Source material:
+---+

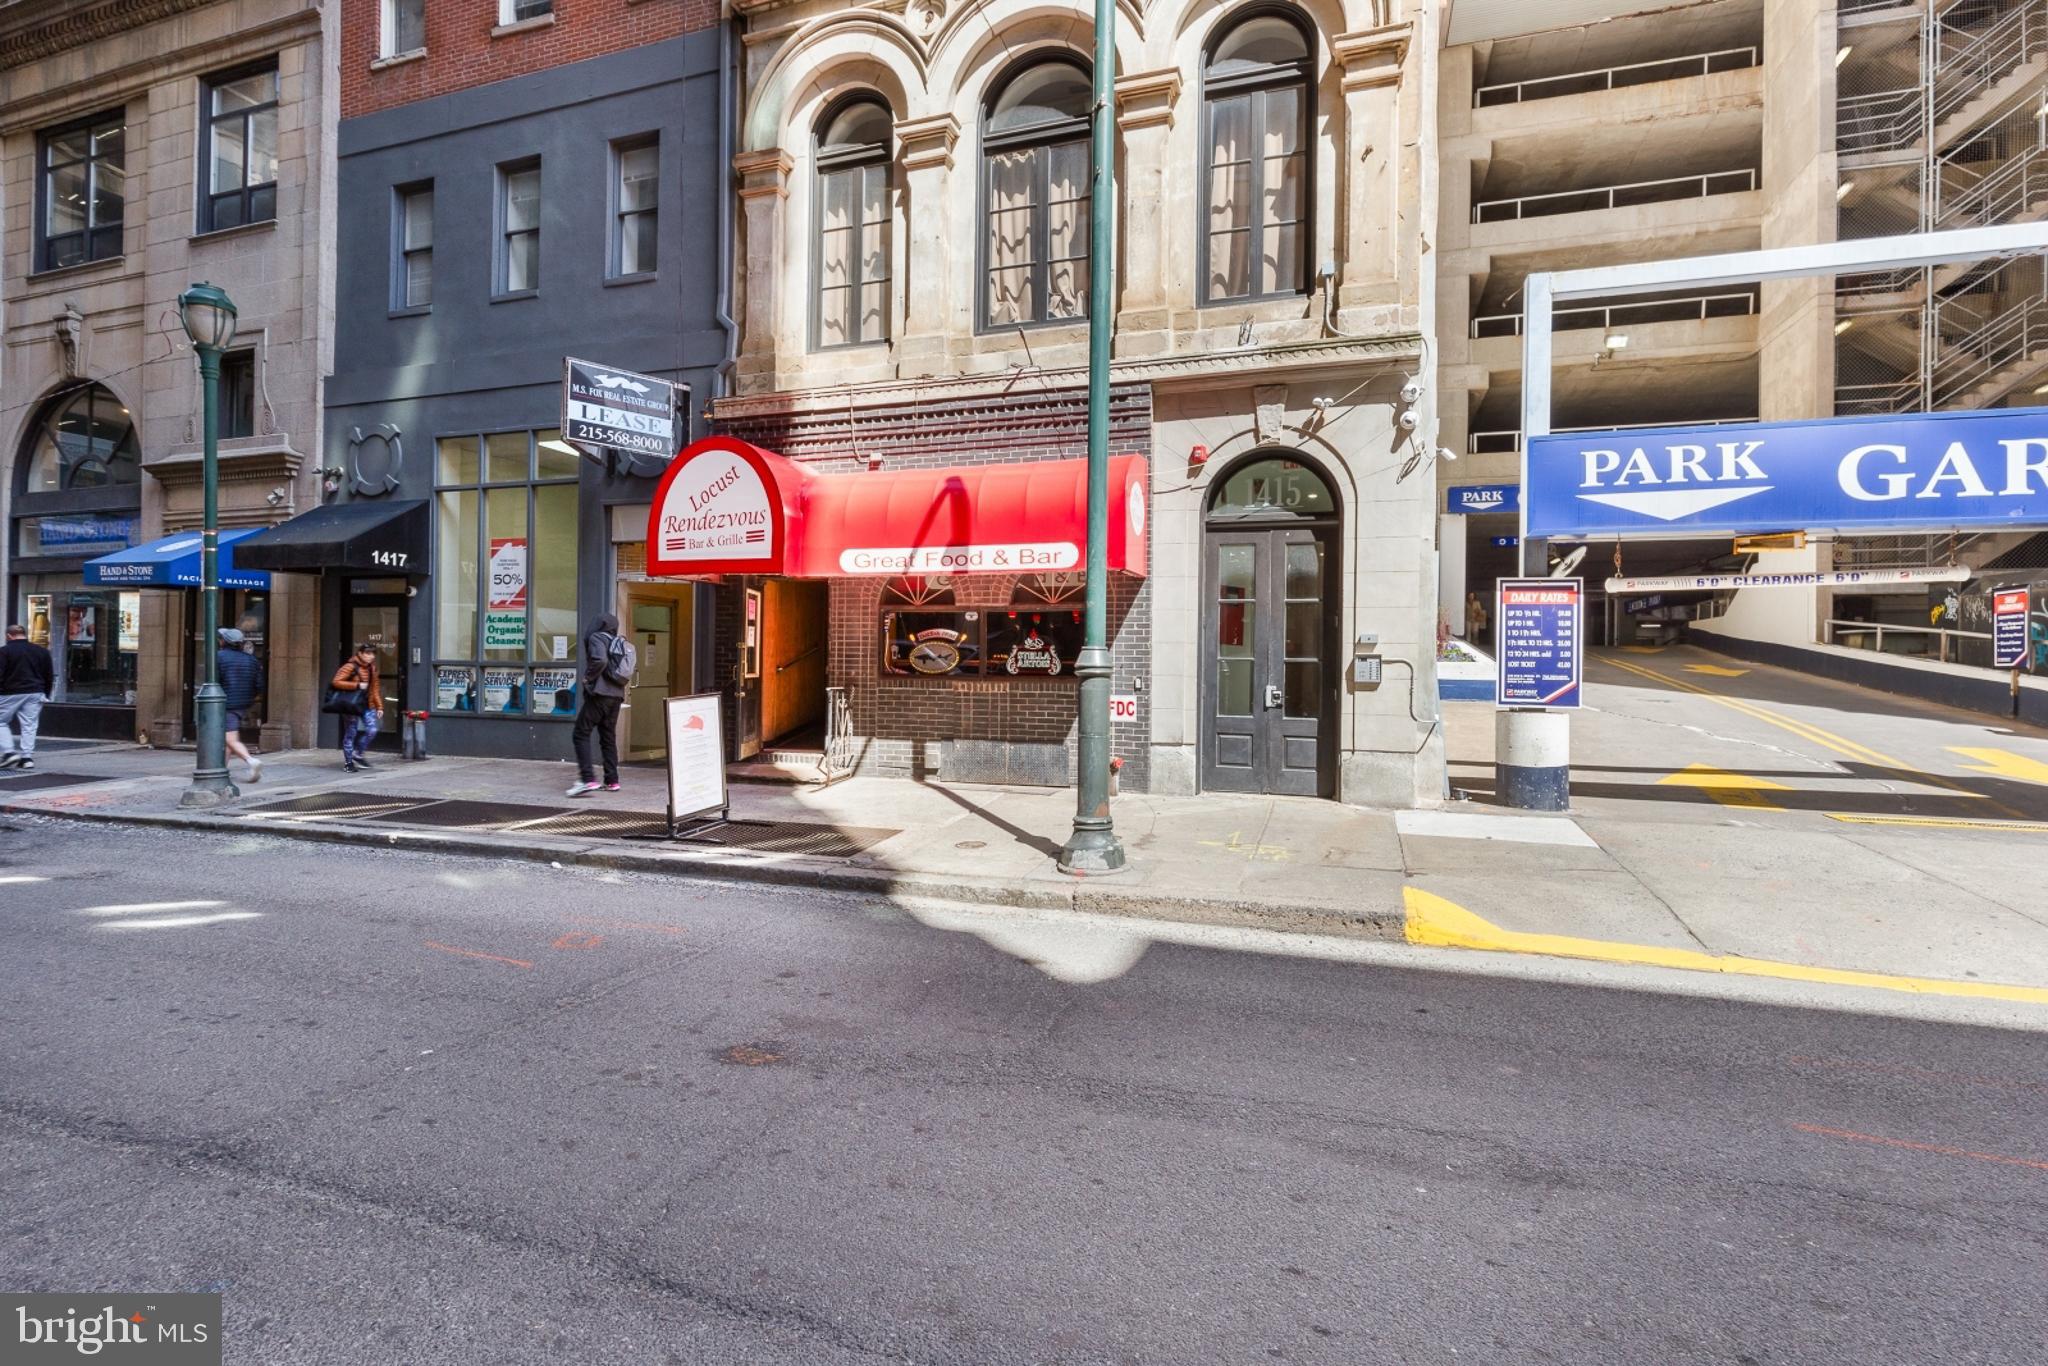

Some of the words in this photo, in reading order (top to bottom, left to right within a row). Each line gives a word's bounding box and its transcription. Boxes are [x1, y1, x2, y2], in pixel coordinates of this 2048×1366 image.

[572, 383, 587, 395] M.S.
[589, 387, 602, 398] FOX
[604, 390, 621, 402] REAL
[622, 395, 646, 407] ESTATE
[647, 400, 669, 412] GROUP
[582, 404, 662, 434] LEASE
[578, 424, 663, 451] 215-568-8000
[1579, 440, 1769, 488] PARK
[689, 465, 741, 512] Locust
[1249, 475, 1300, 506] 1415
[1462, 490, 1504, 502] PARK
[663, 508, 766, 534] Rendezvous
[688, 538, 704, 550] Bar
[706, 537, 715, 548] &
[717, 534, 743, 546] Grille
[371, 550, 408, 567] 1417
[854, 551, 915, 569] Great
[925, 550, 983, 568] Food
[992, 549, 1010, 566] &
[1019, 548, 1062, 565] Bar
[100, 565, 122, 576] HAND
[127, 565, 154, 576] STONE
[225, 578, 265, 587] MASSAGE
[493, 573, 523, 585] 50%
[1733, 573, 1825, 587] CLEARANCE
[1510, 593, 1538, 603] DAILY
[1539, 592, 1569, 603] RATES
[485, 614, 527, 625] Academy
[487, 625, 526, 636] Organic
[1017, 651, 1052, 660] STELLA
[1017, 658, 1051, 668] ARTOIS
[438, 669, 473, 679] EXPRESS
[533, 677, 569, 688] SERVICE!

+---+

Required work:
Quote each line of the listing exactly, but leave the pictures out.

Answer below:
Some of the words in this photo, in reading order (top to bottom, left to right within a row). Each line gives a word's bounding box and its transcription. Boxes are [x1, y1, x2, y2], in pixel coordinates of this 2048×1366 image.

[572, 383, 587, 395] M.S.
[589, 387, 602, 398] FOX
[604, 390, 621, 402] REAL
[622, 395, 646, 407] ESTATE
[647, 400, 669, 412] GROUP
[582, 404, 662, 434] LEASE
[578, 424, 663, 451] 215-568-8000
[1579, 440, 1769, 488] PARK
[689, 465, 741, 512] Locust
[1249, 475, 1300, 506] 1415
[1462, 490, 1504, 502] PARK
[663, 508, 766, 534] Rendezvous
[688, 538, 704, 550] Bar
[706, 537, 715, 548] &
[717, 534, 743, 546] Grille
[371, 550, 408, 567] 1417
[854, 551, 915, 569] Great
[925, 550, 983, 568] Food
[992, 549, 1010, 566] &
[1019, 548, 1062, 565] Bar
[100, 565, 122, 576] HAND
[127, 565, 154, 576] STONE
[225, 578, 265, 587] MASSAGE
[493, 573, 523, 585] 50%
[1733, 573, 1825, 587] CLEARANCE
[1510, 593, 1538, 603] DAILY
[1539, 592, 1569, 603] RATES
[485, 614, 527, 625] Academy
[487, 625, 526, 636] Organic
[1017, 651, 1052, 660] STELLA
[1017, 658, 1051, 668] ARTOIS
[438, 669, 473, 679] EXPRESS
[533, 677, 569, 688] SERVICE!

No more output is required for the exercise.